• Aim of the exercise: Begin with the line holding "Some of the words", then print every line after it through the end of the data, exactly and with nothing added.
═════ Input records ═════
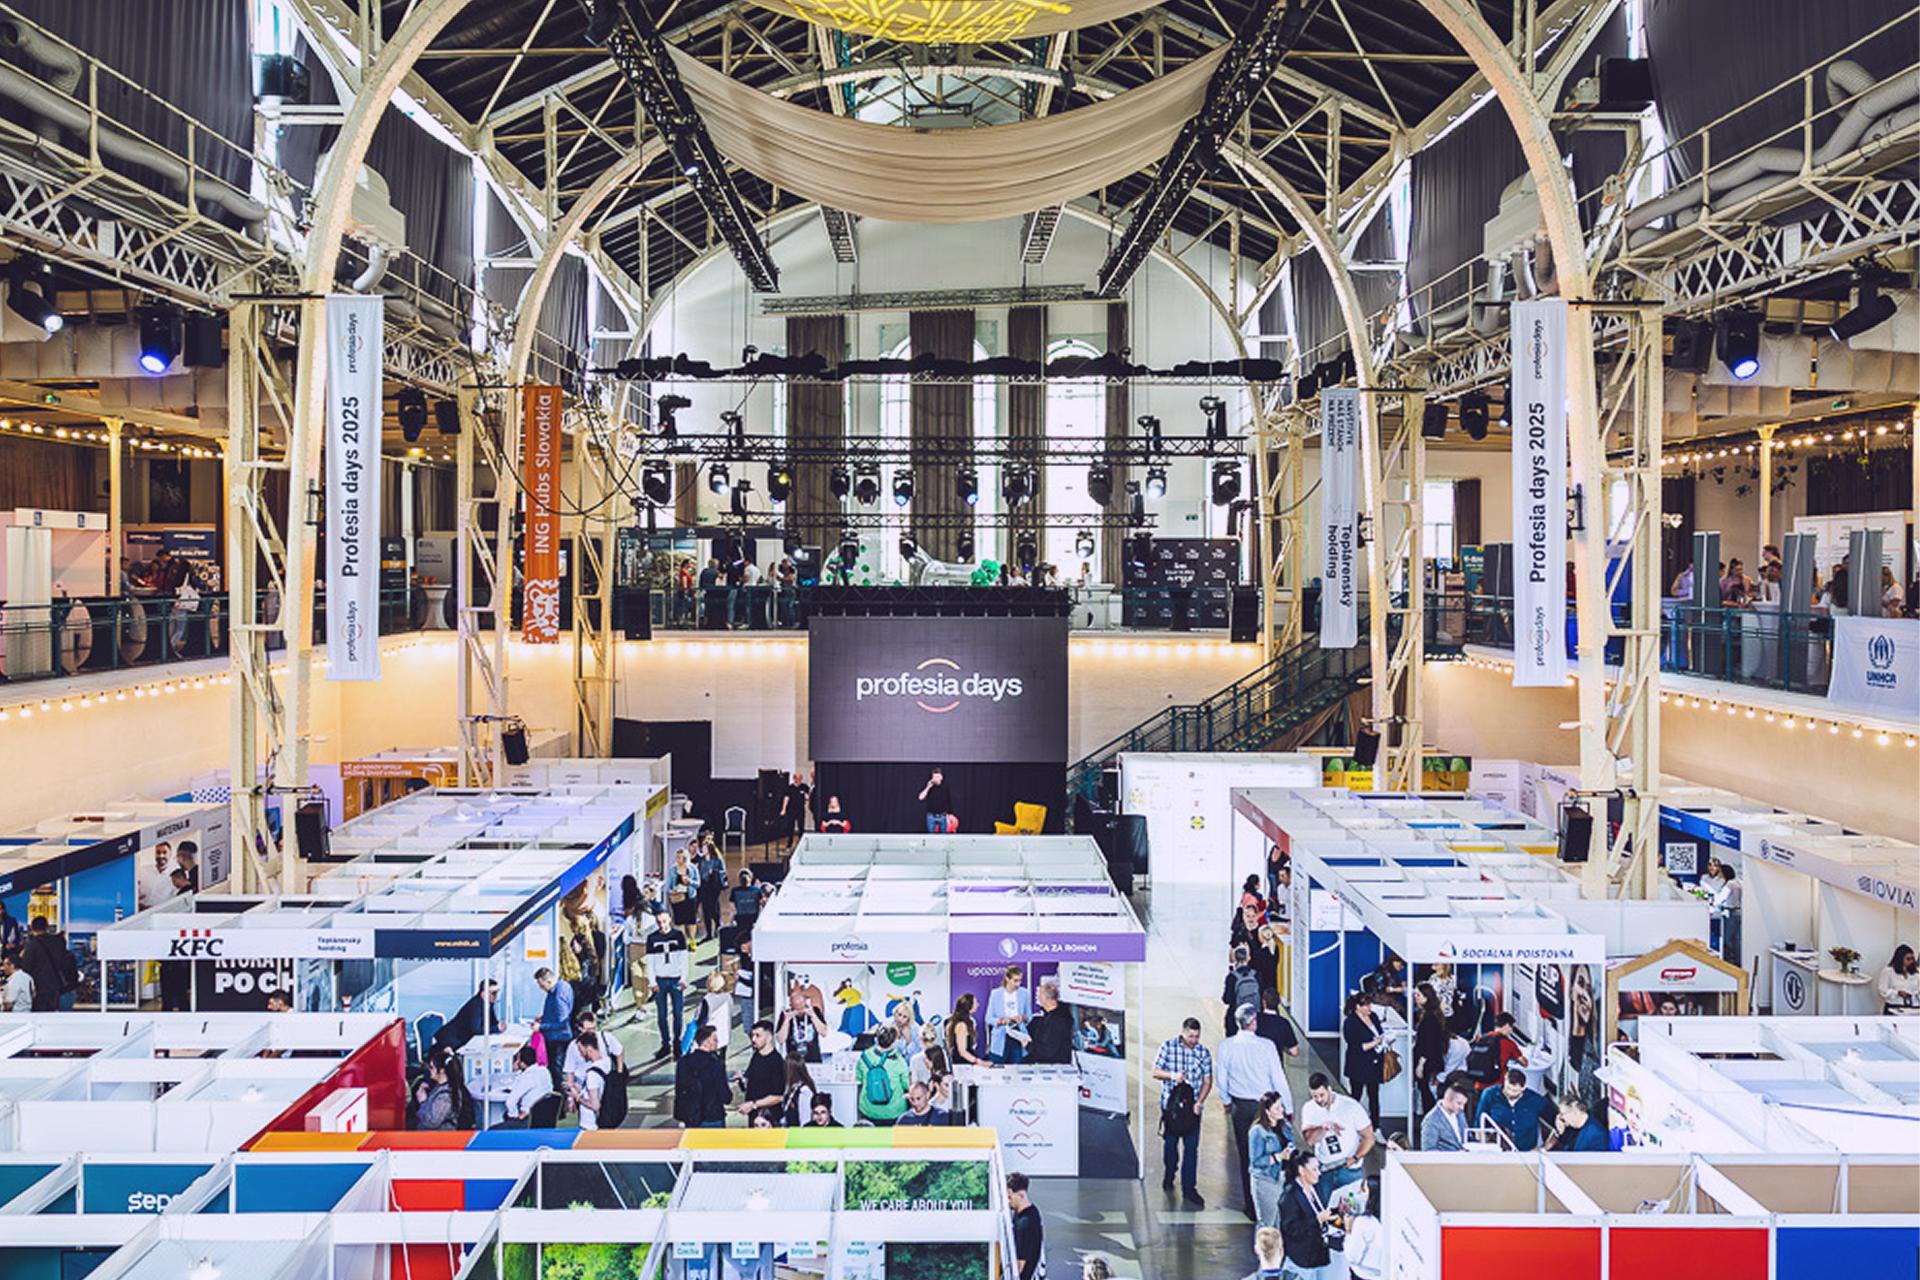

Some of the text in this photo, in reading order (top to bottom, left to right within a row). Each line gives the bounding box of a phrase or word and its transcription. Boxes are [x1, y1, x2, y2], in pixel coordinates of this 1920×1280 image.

[348, 313, 358, 373] profesia days
[1533, 319, 1544, 379] profesia days
[341, 396, 363, 577] Profesia days 2025
[535, 394, 551, 554] ING Hubs Slovakia
[1529, 402, 1550, 583] Profesia days 2025
[1326, 524, 1339, 579] holding
[348, 601, 358, 662] profesia days
[1534, 606, 1546, 666] profesia days
[856, 672, 1023, 702] profesia days
[1866, 671, 1897, 684] UNHCR
[168, 938, 224, 957] KFC
[831, 942, 868, 952] profesia
[1021, 942, 1050, 953] PRÁCA
[1051, 944, 1063, 953] ZA
[215, 971, 255, 994] PO
[860, 1199, 973, 1211] WE CARE ABOUT YOU
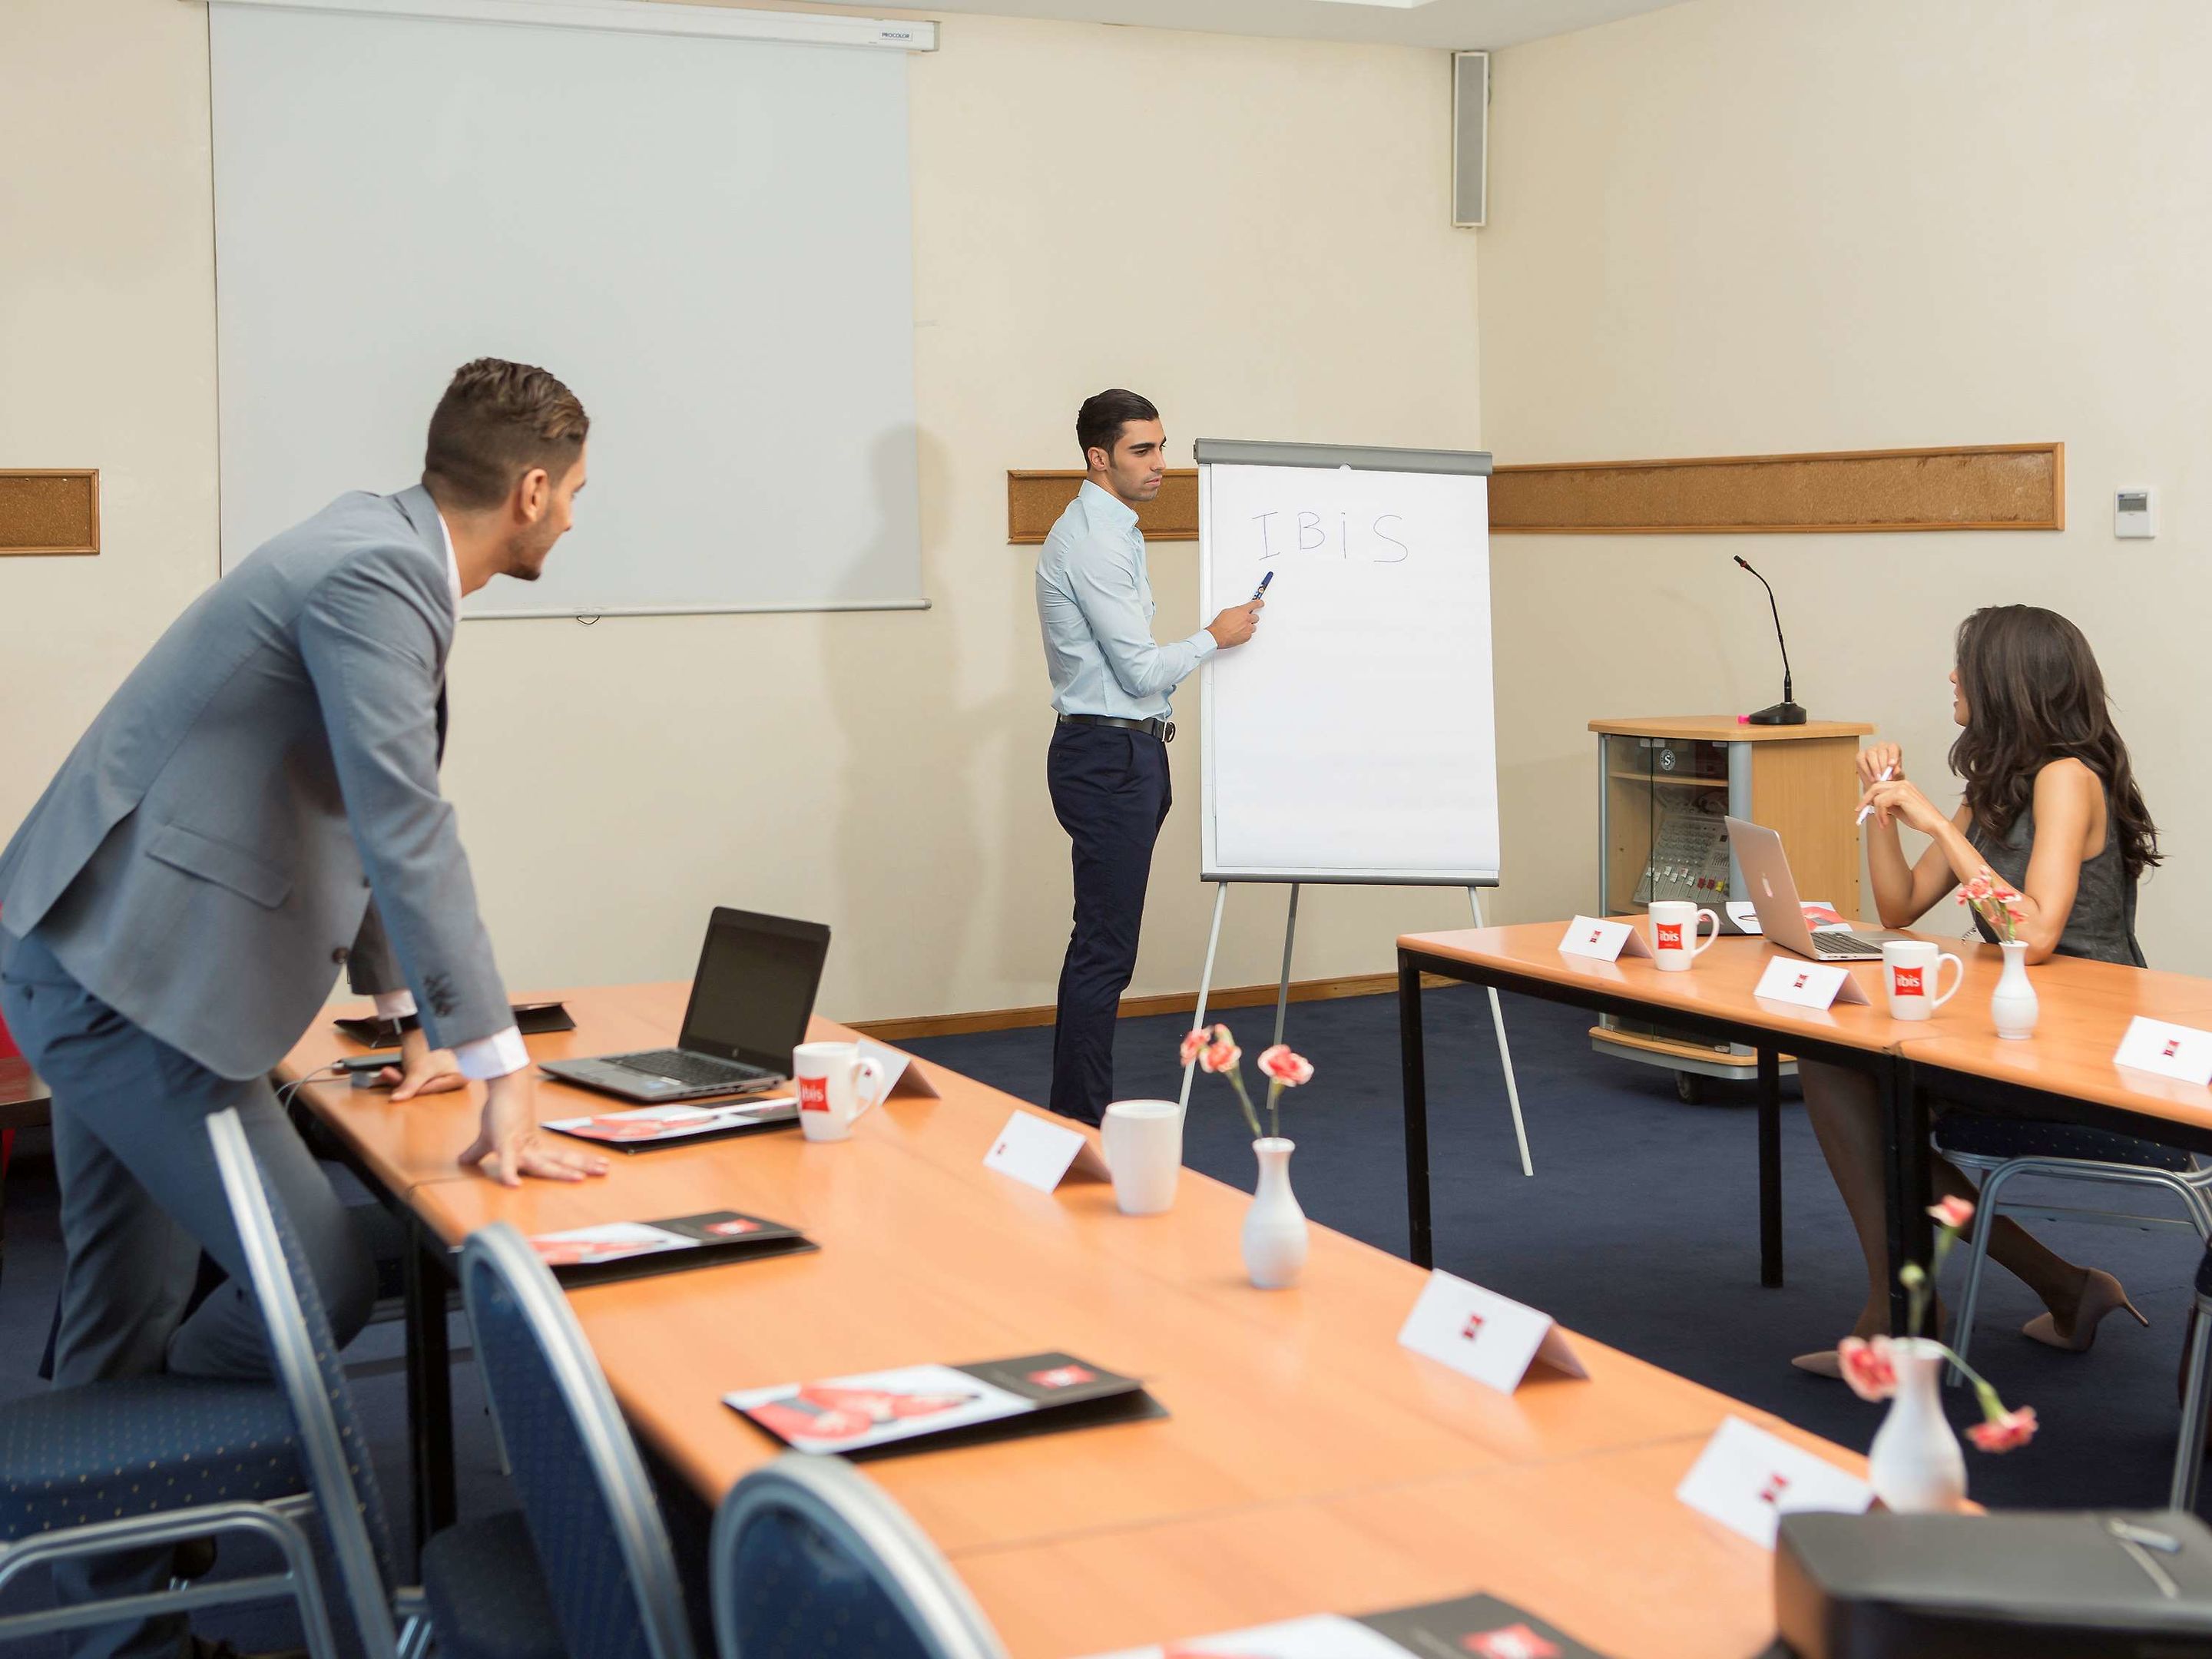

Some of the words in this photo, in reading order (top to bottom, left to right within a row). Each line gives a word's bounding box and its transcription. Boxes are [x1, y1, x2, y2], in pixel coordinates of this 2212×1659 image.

[1659, 930, 1680, 942] ibis
[1896, 974, 1920, 987] ibis
[801, 1084, 824, 1102] ibis
═════
• Task output:
Some of the words in this photo, in reading order (top to bottom, left to right within a row). Each line gives a word's bounding box and its transcription. Boxes are [x1, y1, x2, y2], in pixel coordinates of this 2212×1659 image.

[1659, 930, 1680, 942] ibis
[1896, 974, 1920, 987] ibis
[801, 1084, 824, 1102] ibis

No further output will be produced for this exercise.